++++ Data records ++++

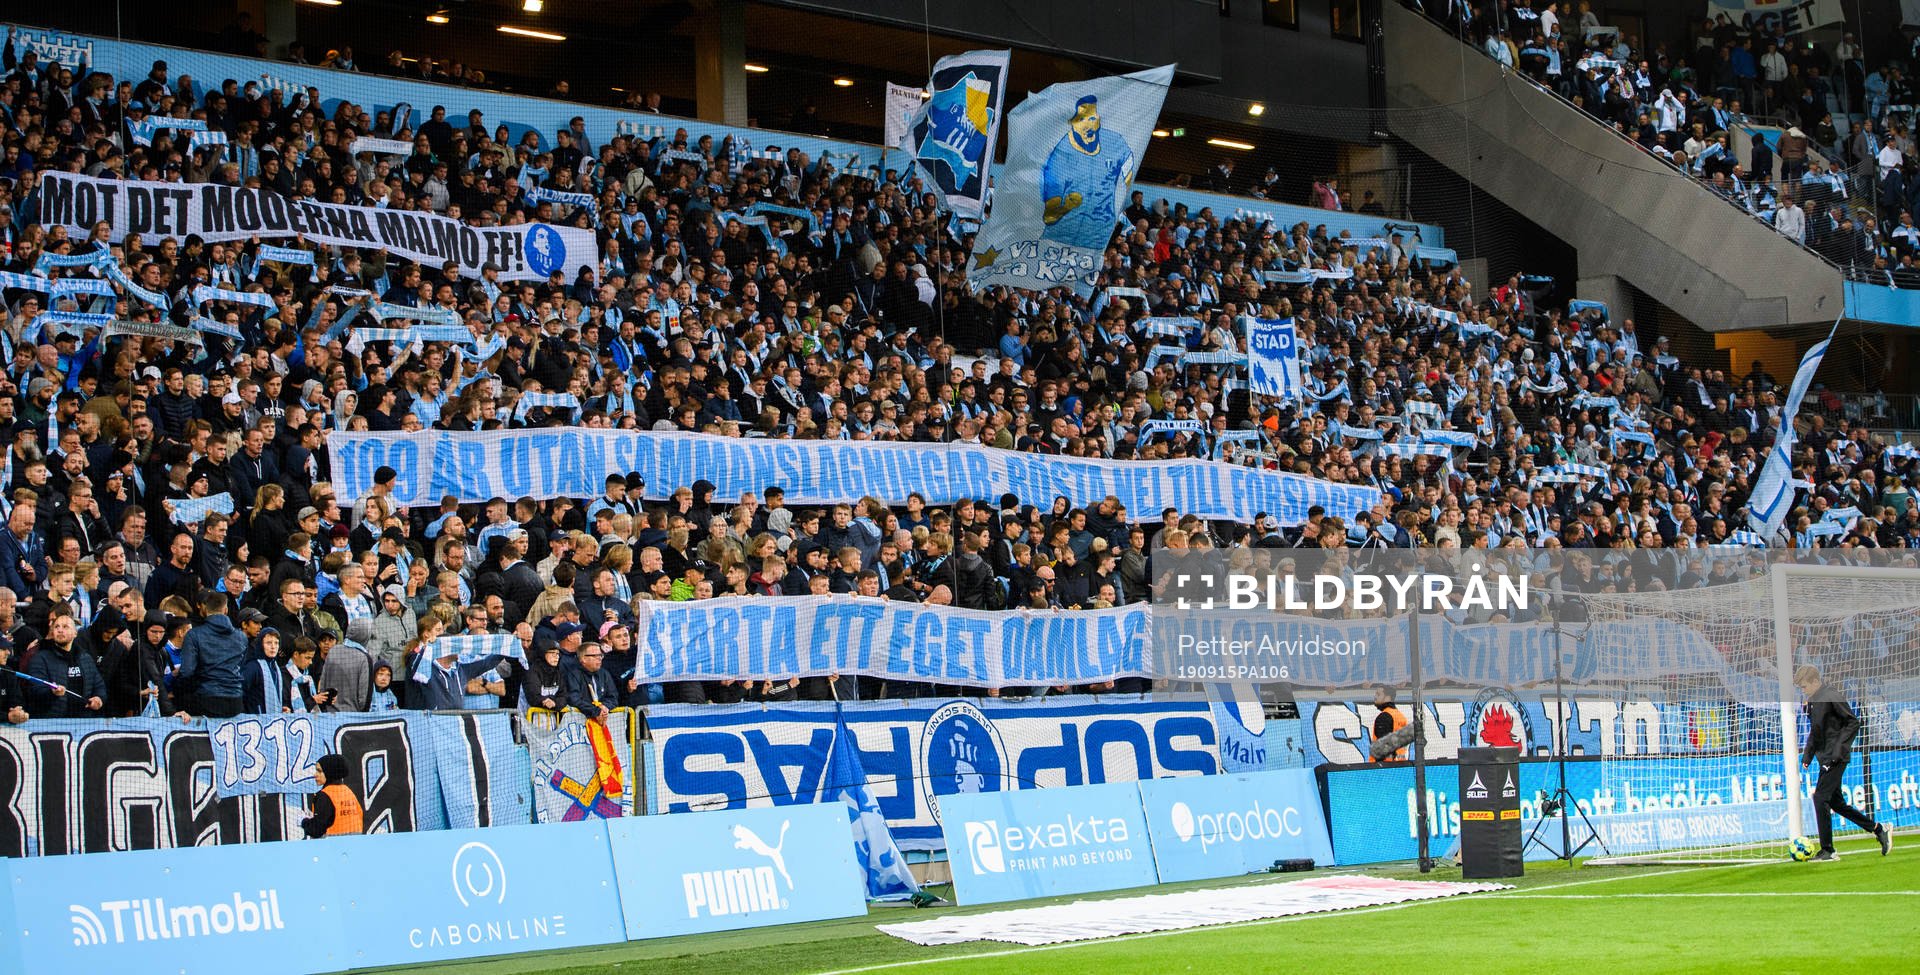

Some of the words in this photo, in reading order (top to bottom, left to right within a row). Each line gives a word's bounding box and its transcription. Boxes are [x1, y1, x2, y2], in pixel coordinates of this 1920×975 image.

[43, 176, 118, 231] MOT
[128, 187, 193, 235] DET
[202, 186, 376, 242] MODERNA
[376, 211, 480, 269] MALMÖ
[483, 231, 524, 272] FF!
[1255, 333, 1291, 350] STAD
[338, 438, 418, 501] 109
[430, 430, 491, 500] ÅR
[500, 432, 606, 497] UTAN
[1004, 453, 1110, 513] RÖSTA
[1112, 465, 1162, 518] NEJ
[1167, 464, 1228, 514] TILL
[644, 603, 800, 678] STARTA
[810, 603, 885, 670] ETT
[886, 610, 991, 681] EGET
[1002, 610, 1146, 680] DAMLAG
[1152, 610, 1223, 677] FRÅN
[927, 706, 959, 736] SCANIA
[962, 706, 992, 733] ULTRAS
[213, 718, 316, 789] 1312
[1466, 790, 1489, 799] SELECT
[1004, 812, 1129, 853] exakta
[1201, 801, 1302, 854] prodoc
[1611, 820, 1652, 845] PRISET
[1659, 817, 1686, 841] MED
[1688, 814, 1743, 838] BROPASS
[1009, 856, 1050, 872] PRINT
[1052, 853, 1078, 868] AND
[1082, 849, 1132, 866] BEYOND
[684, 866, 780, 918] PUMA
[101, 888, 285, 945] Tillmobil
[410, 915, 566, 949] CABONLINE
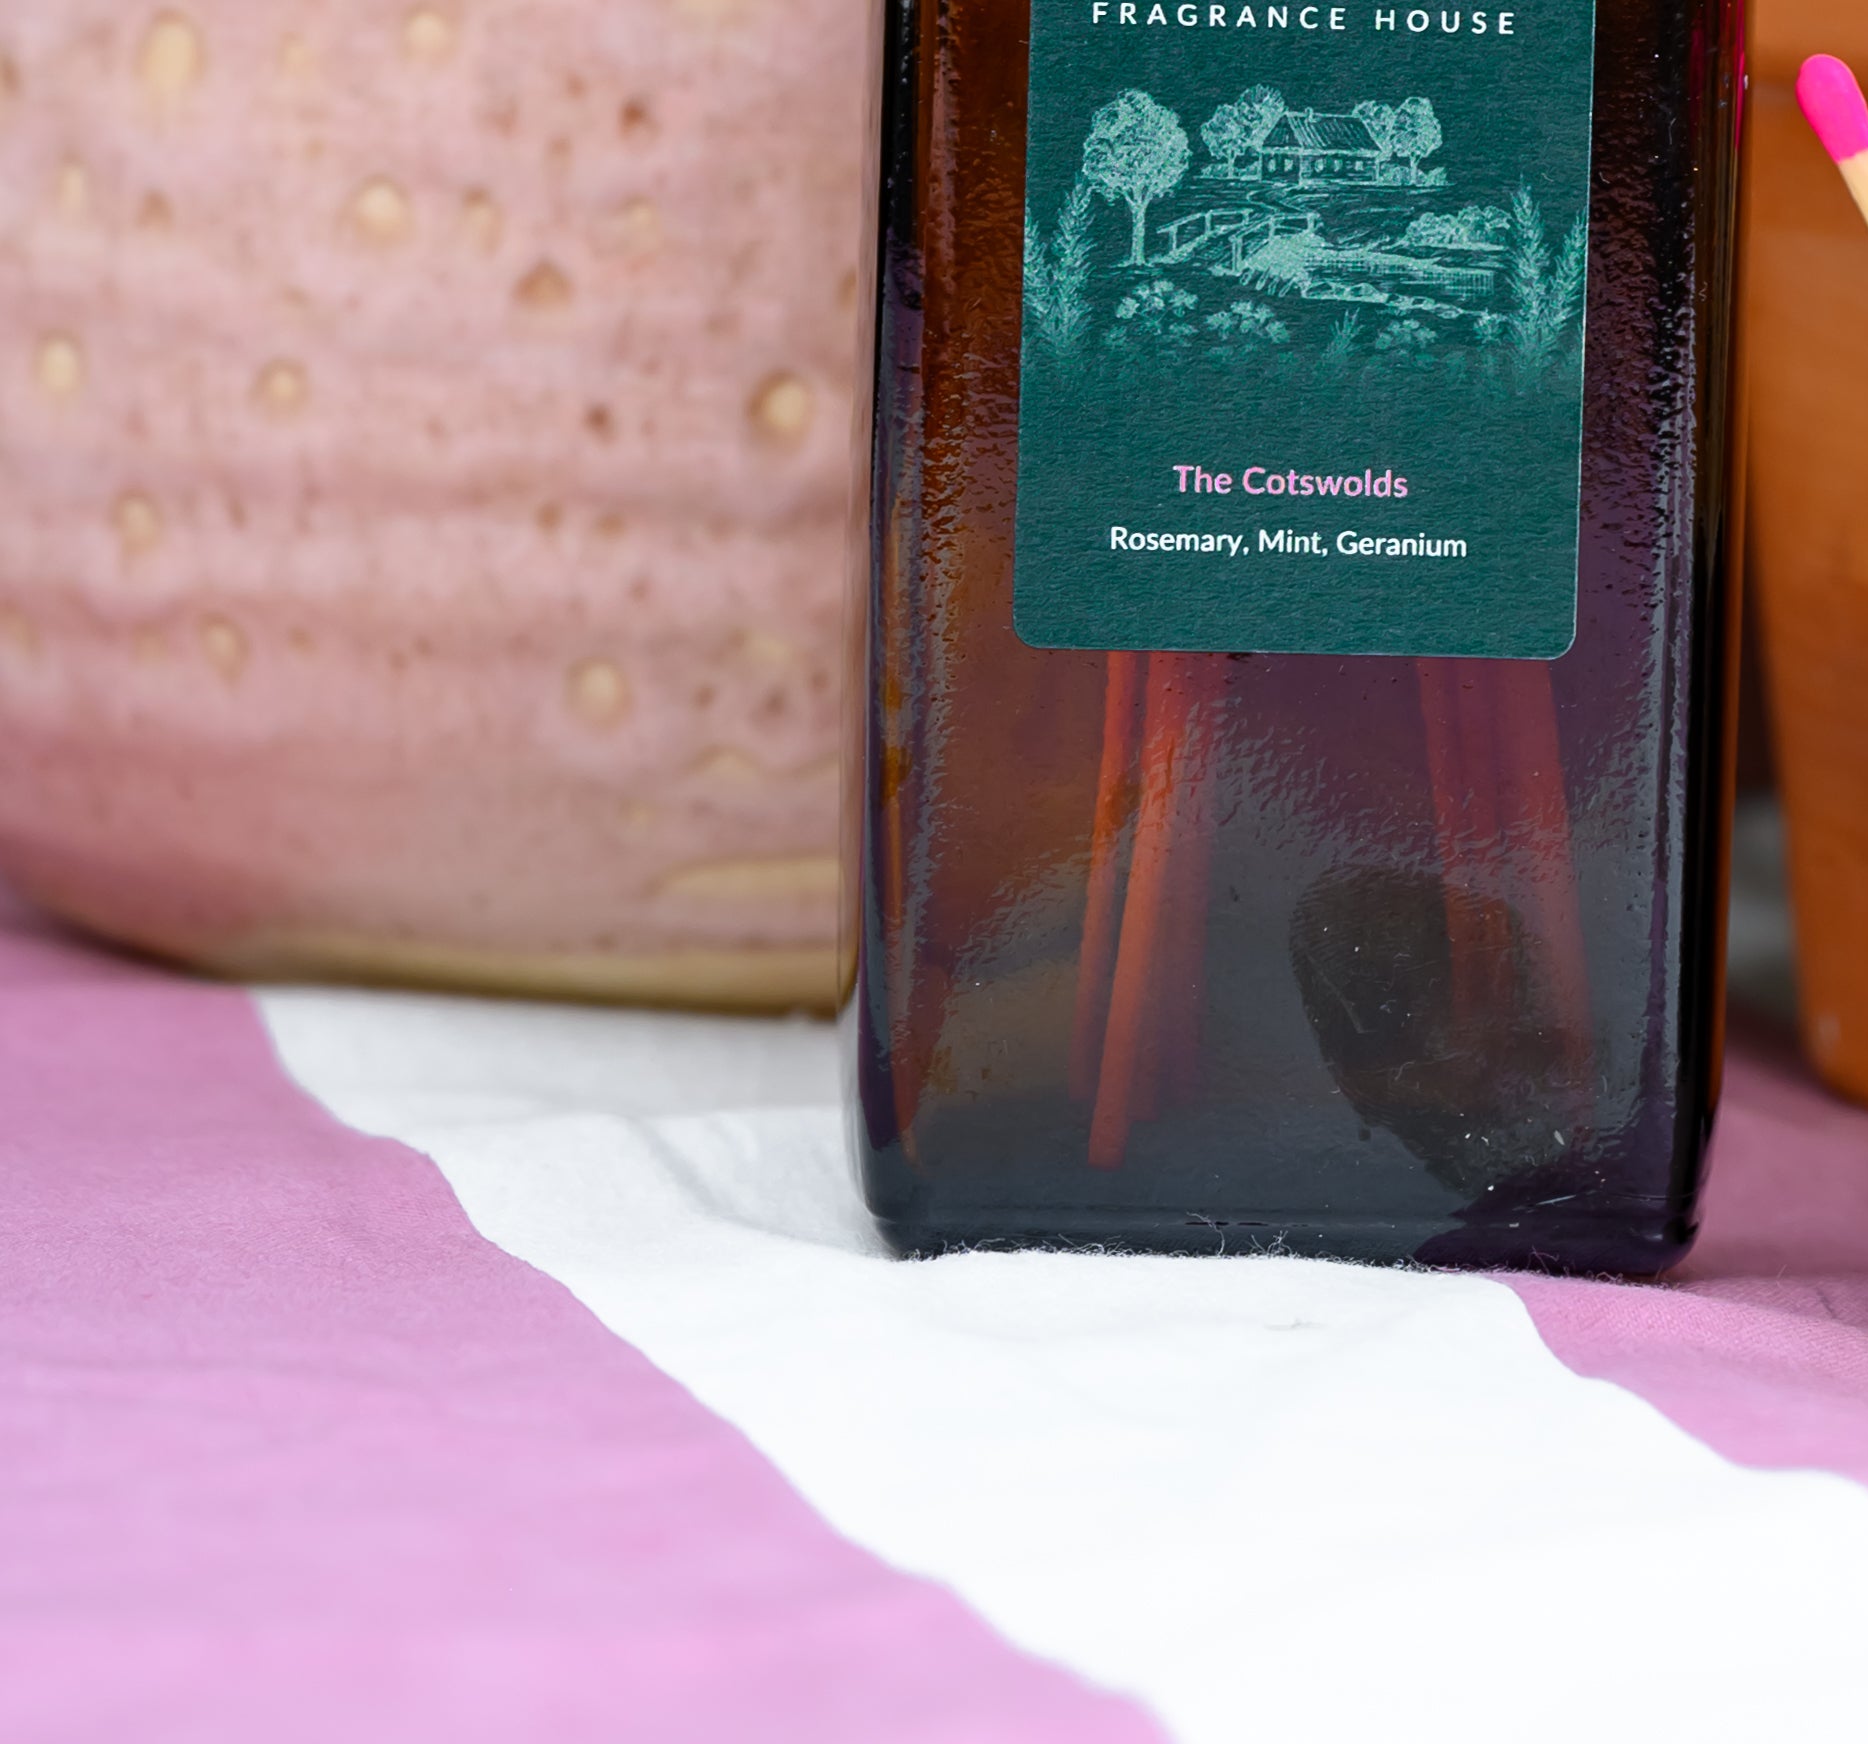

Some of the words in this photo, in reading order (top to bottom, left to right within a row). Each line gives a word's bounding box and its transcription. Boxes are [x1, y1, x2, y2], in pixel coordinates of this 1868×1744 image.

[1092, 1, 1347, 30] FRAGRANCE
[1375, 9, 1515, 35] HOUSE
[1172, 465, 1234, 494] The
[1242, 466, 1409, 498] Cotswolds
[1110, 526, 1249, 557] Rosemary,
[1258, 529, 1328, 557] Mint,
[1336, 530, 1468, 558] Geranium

++++

• [Task instructions]:
The records above are to be repeated exactly, apart from their pictures.

• [Response to the task]:
Some of the words in this photo, in reading order (top to bottom, left to right within a row). Each line gives a word's bounding box and its transcription. Boxes are [x1, y1, x2, y2], in pixel coordinates of this 1920×975 image.

[43, 176, 118, 231] MOT
[128, 187, 193, 235] DET
[202, 186, 376, 242] MODERNA
[376, 211, 480, 269] MALMÖ
[483, 231, 524, 272] FF!
[1255, 333, 1291, 350] STAD
[338, 438, 418, 501] 109
[430, 430, 491, 500] ÅR
[500, 432, 606, 497] UTAN
[1004, 453, 1110, 513] RÖSTA
[1112, 465, 1162, 518] NEJ
[1167, 464, 1228, 514] TILL
[644, 603, 800, 678] STARTA
[810, 603, 885, 670] ETT
[886, 610, 991, 681] EGET
[1002, 610, 1146, 680] DAMLAG
[1152, 610, 1223, 677] FRÅN
[927, 706, 959, 736] SCANIA
[962, 706, 992, 733] ULTRAS
[213, 718, 316, 789] 1312
[1466, 790, 1489, 799] SELECT
[1004, 812, 1129, 853] exakta
[1201, 801, 1302, 854] prodoc
[1611, 820, 1652, 845] PRISET
[1659, 817, 1686, 841] MED
[1688, 814, 1743, 838] BROPASS
[1009, 856, 1050, 872] PRINT
[1052, 853, 1078, 868] AND
[1082, 849, 1132, 866] BEYOND
[684, 866, 780, 918] PUMA
[101, 888, 285, 945] Tillmobil
[410, 915, 566, 949] CABONLINE

Some of the words in this photo, in reading order (top to bottom, left to right within a row). Each line gives a word's bounding box and its transcription. Boxes are [x1, y1, x2, y2], in pixel coordinates of this 1868×1744 image.

[1092, 1, 1347, 30] FRAGRANCE
[1375, 9, 1515, 35] HOUSE
[1172, 465, 1234, 494] The
[1242, 466, 1409, 498] Cotswolds
[1110, 526, 1249, 557] Rosemary,
[1258, 529, 1328, 557] Mint,
[1336, 530, 1468, 558] Geranium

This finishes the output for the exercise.